The piece below on 'Wilsoniansim' and U.S. foreign policy is an excerpt from a post at the Friday Lunch Club which probably stole it from Oxford Analytica.
While interesting and certainly worth a discussion, it misses the imperial-greed motive that is behind the liberal internationalists/neo-con mainstream in U.S. foreign policy. 'Wilsonianism' is, in my view, only the selling point. It is not the actual product. Am I right?
—
UNITED STATES: 'Wilsonianism' drives US policy abroad
SIGNIFICANCE:
As President Barack Obama begins his first days in office, many
academic and media commentators are urging him to close the supposedly
wide partisan fissures over foreign policy. However, these apparent
divisions are much less significant than they seem: US foreign policy
has long been dominated by a sclerotic 'Wilsonian' consensus, which may
have inhibited debate and contributed to recent strategic setbacks.
CONCLUSION:
Wilsonianism will continue to be the worldview that shapes US foreign
policy under Obama. While a Wilsonian approach is not inapposite, the
new administration could opt deliberately to seek out strong dissenting
voices that favour alternative policy frameworks, in order to avoid the
dangers of unchallenged assumptions.
ANALYSIS:
The intellectual framework for US foreign policy defined by former
President Woodrow Wilson in 1917-18 ('Wilsoniansim') continues to hold
a dominant position in official Washington.

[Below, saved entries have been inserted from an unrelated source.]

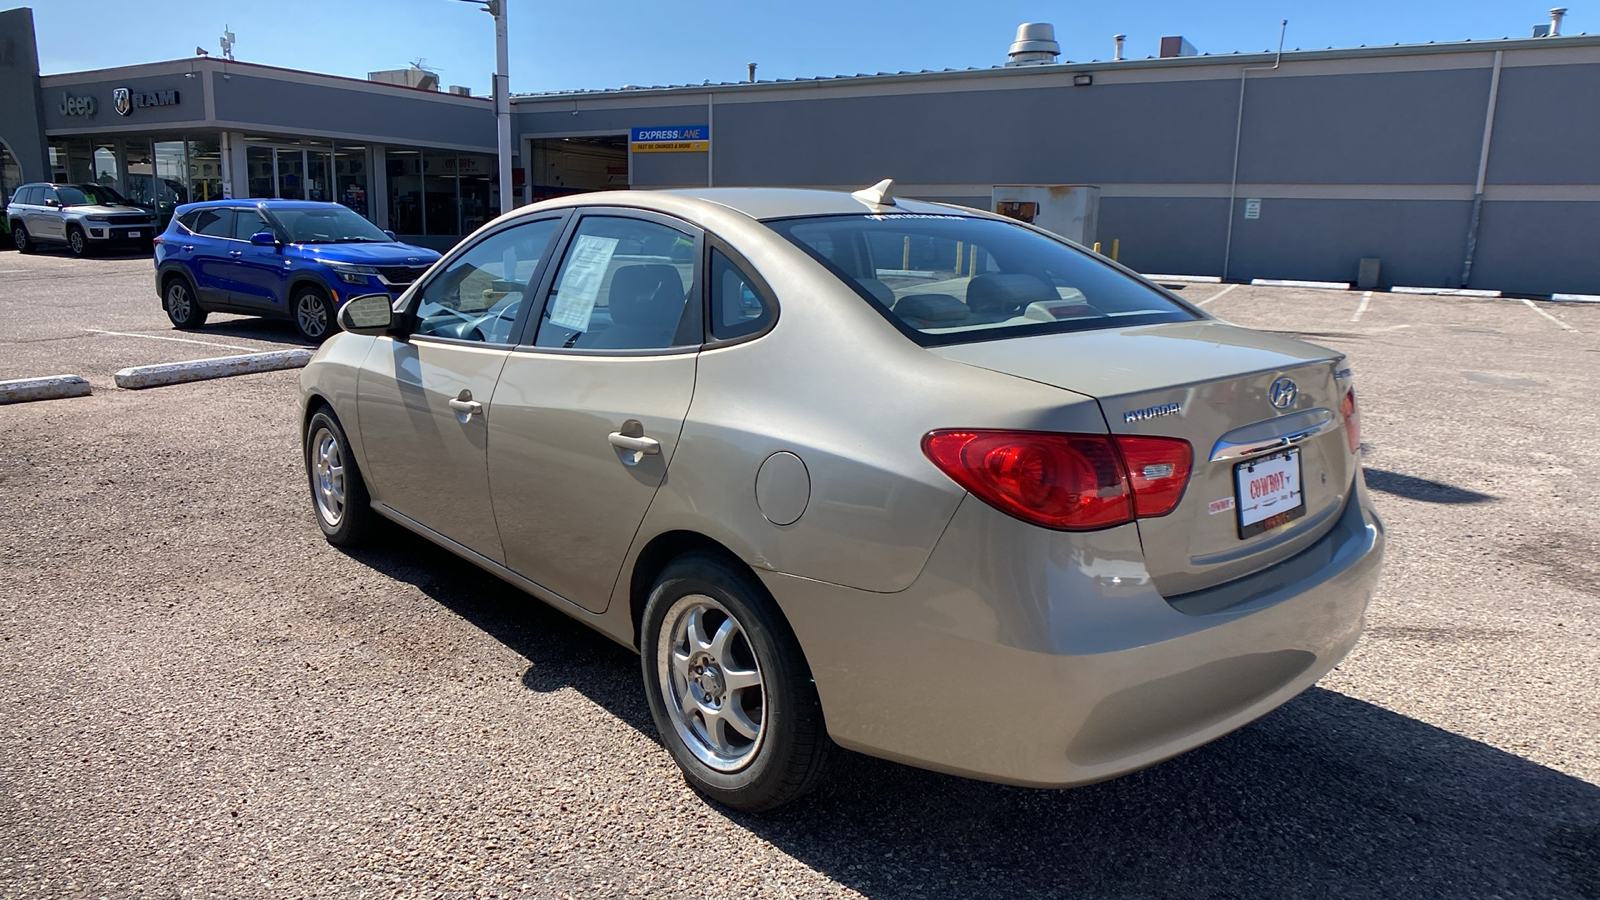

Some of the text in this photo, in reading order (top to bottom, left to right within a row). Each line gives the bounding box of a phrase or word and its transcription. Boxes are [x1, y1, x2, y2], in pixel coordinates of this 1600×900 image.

[58, 91, 95, 119] Jeep
[131, 90, 180, 108] RAM
[1124, 402, 1182, 423] HYUNDAI
[1249, 471, 1285, 500] COWBOY
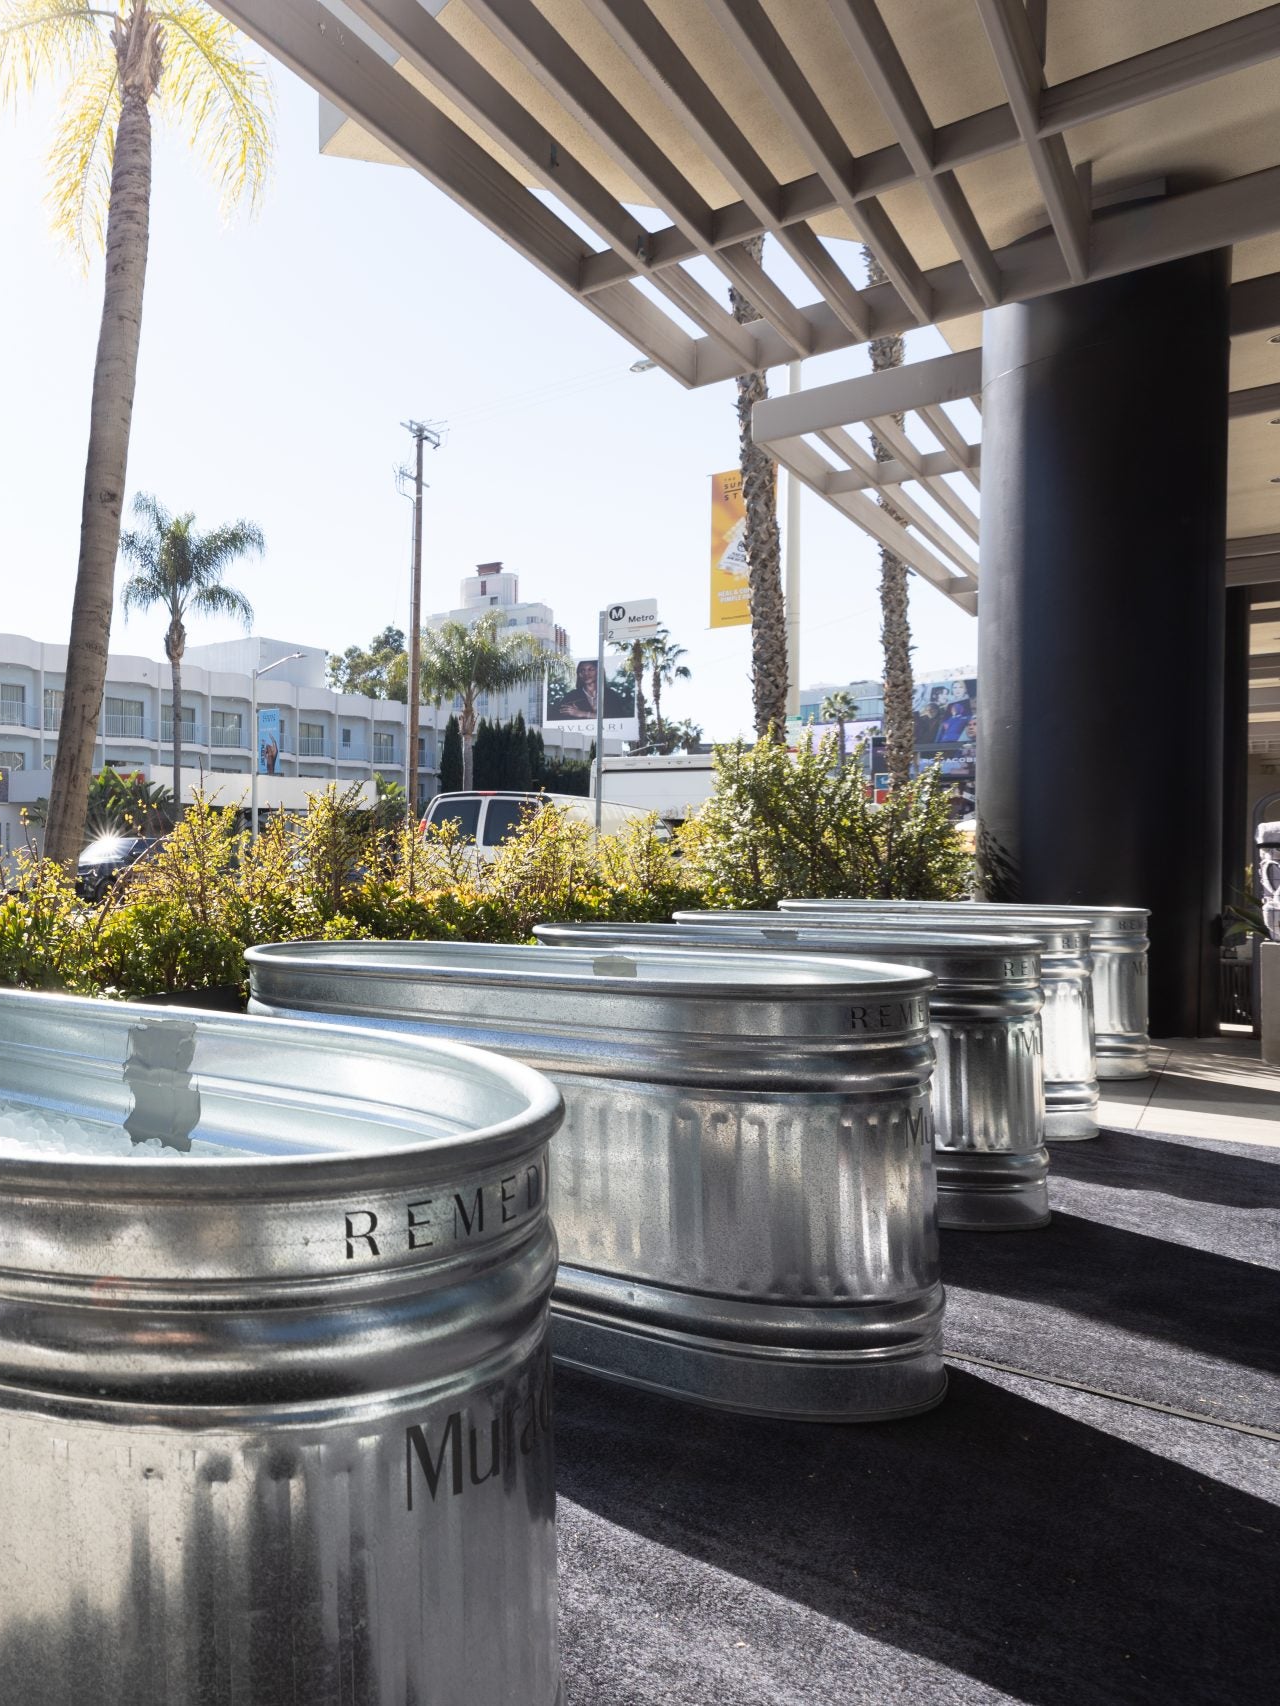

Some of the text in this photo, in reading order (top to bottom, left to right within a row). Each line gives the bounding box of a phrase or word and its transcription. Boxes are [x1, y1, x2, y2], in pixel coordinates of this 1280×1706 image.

[628, 614, 654, 623] Metro
[608, 630, 614, 638] 2
[558, 723, 624, 732] BVLGRI
[345, 1152, 548, 1260] REMED
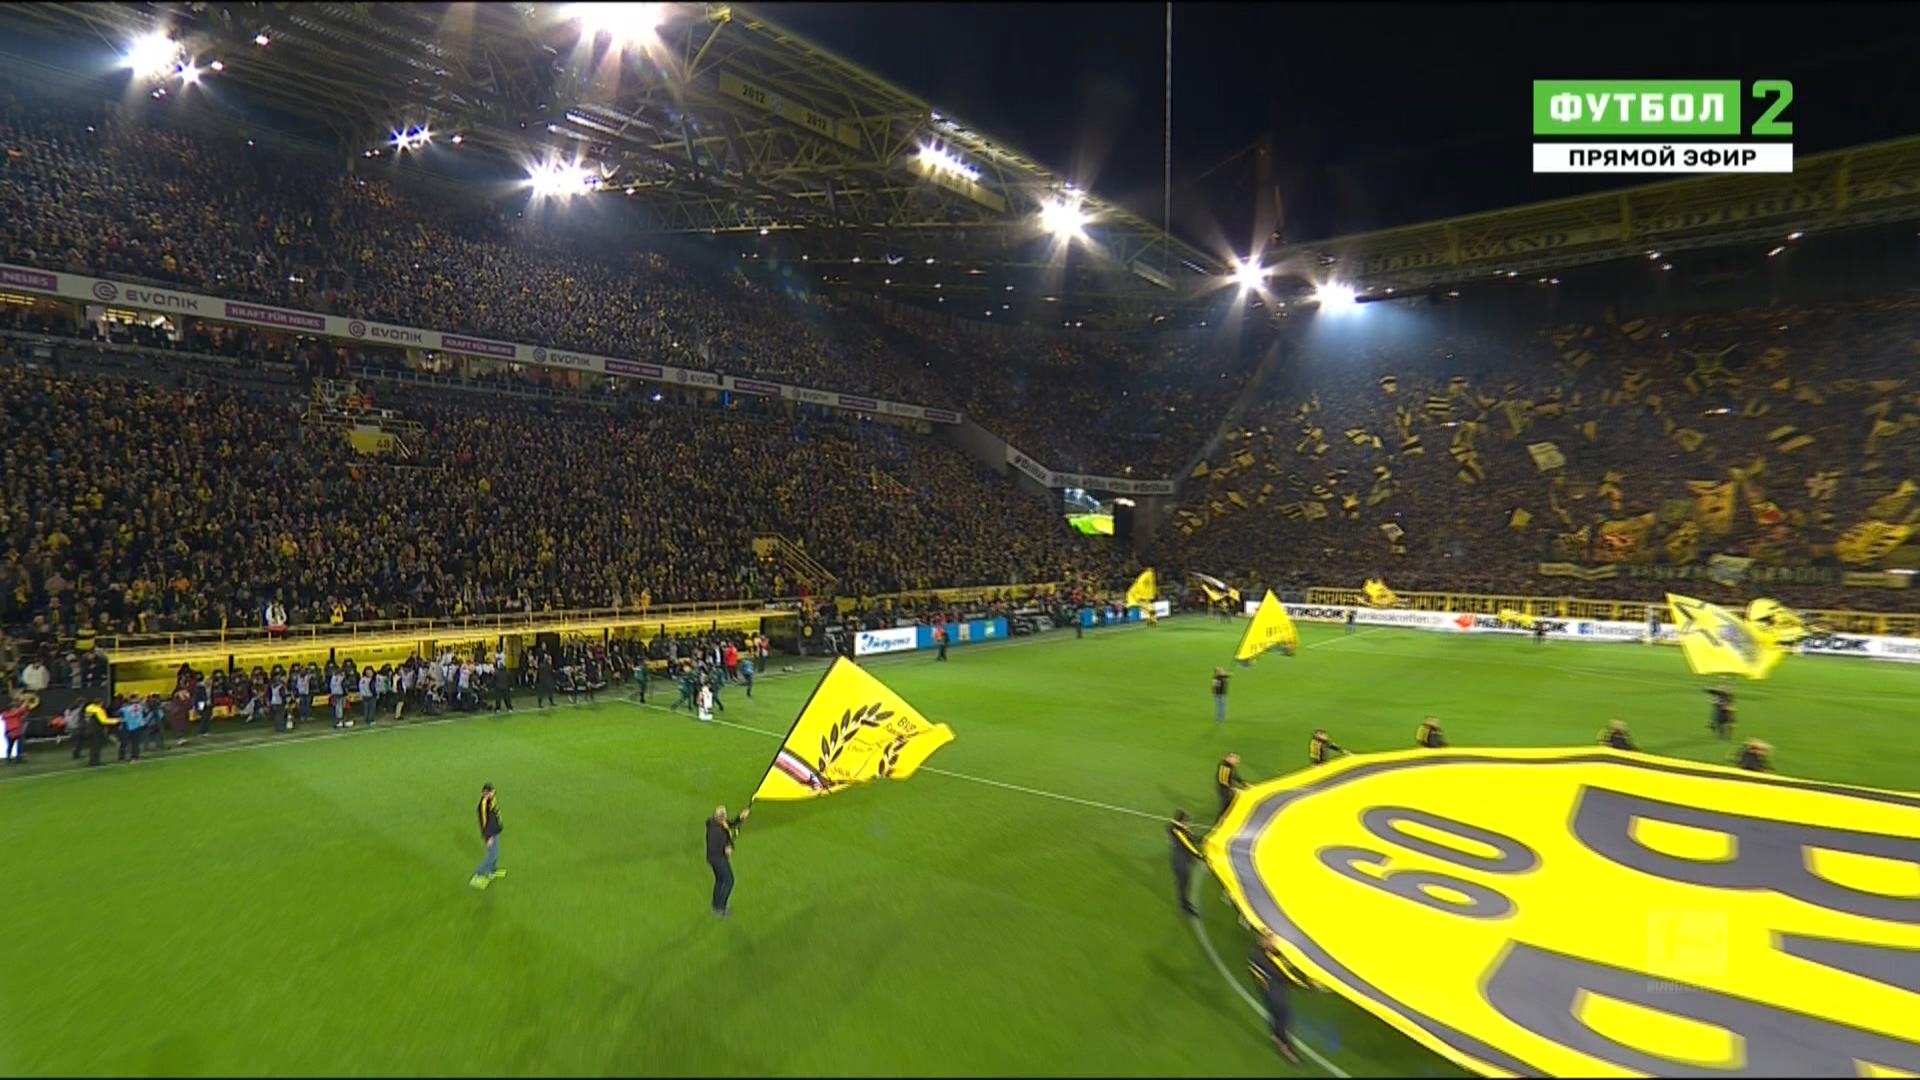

Therefore, while there is
sometimes fierce debate over particular policy choices (eg the decision
to invade Iraq without specific UN authorisation), US policymakers
share a worldview that broadly supports the same long-term strategic
objectives, values and sense of history. Although there is nothing
inherently fallacious about Wilsonianism — its basic assumptions may
be correct — the weakness or absence of alternative perspectives in
Washington may have been a contributing factor in recent foreign policy
setbacks.
-
A single theoretical framework dominates foreign policy thinking in official Washington — Wilsonianism.
-
While
liberal internationalists and neo-conservatives disagree over the
utility of multilateralism, they mostly share a common Wilsonian
perspective and assumptions. -
The only serious challenger to Wilsonianism as a US foreign policy-making framework is realism.
-
However, the realist challenge has faded, producing a powerful Wilsonian consensus.
-
This consensus may not be conducive to effective policy-making.
[…]
broad consensus is attributable to the fact that the two most
influential frameworks for post-Cold War US foreign policy, 'liberal
internationalism' and 'neo-conservatism' share a common intellectual
ancestor — Wilsonianism. Liberal internationalists and
neo-conservatives disagree fiercely about certain US policy approaches,
particularly the utility of multilateral diplomacy. However, the
rancour of their clashes on such issues has disguised how much they
have in common.
The
Wilsonian creed. Wilsonianism took shape in a particular time and place
(during and immediately after the First World War) in response to a
specific problem (Wilson's attempt to define the US role on the global
stage). Yet it was also couched in a much more profound belief in
long-term historical 'progress', which critics then and now incorrectly
label as naive: …
[…]
Competing'realist' framework.
Although US politicians often raise the spectre of
a return to isolationism — as former President George Bush did last
year a speech to the Israeli Knesset — the policies of the 1930s
remain thoroughly discredited. Wilsonianism and its offshoots have only
one rival as a framework for US policy in official Washington —
'realism': …
[…]
Wilsonian thinking (as practiced by liberal internationalists or
neo-cons) has several distinct political advantages, in a US context,
over realism:
-
It
embodies the notion that US political and economic principles have
universal appeal and relevance, which helps secure public support for
an active US role in global affairs. -
It proved to be a much more adaptable framework than realism, in the face of changes wrought by globalisation.
-
Wilsonianism
is not easily exportable or explicable to other powers; it has often
caused other states (including US allies) to assume that Washington's
policies are either naive or duplicitous, when in fact Wilson's
approach combines both altruism and self-interest. -
Its moralist tone can inhibit constructive engagement with non-democratic states (eg China prior to Kissinger).
-
In the post-Cold War context, it may have contributed to an unhealthy degree of US triumphalism.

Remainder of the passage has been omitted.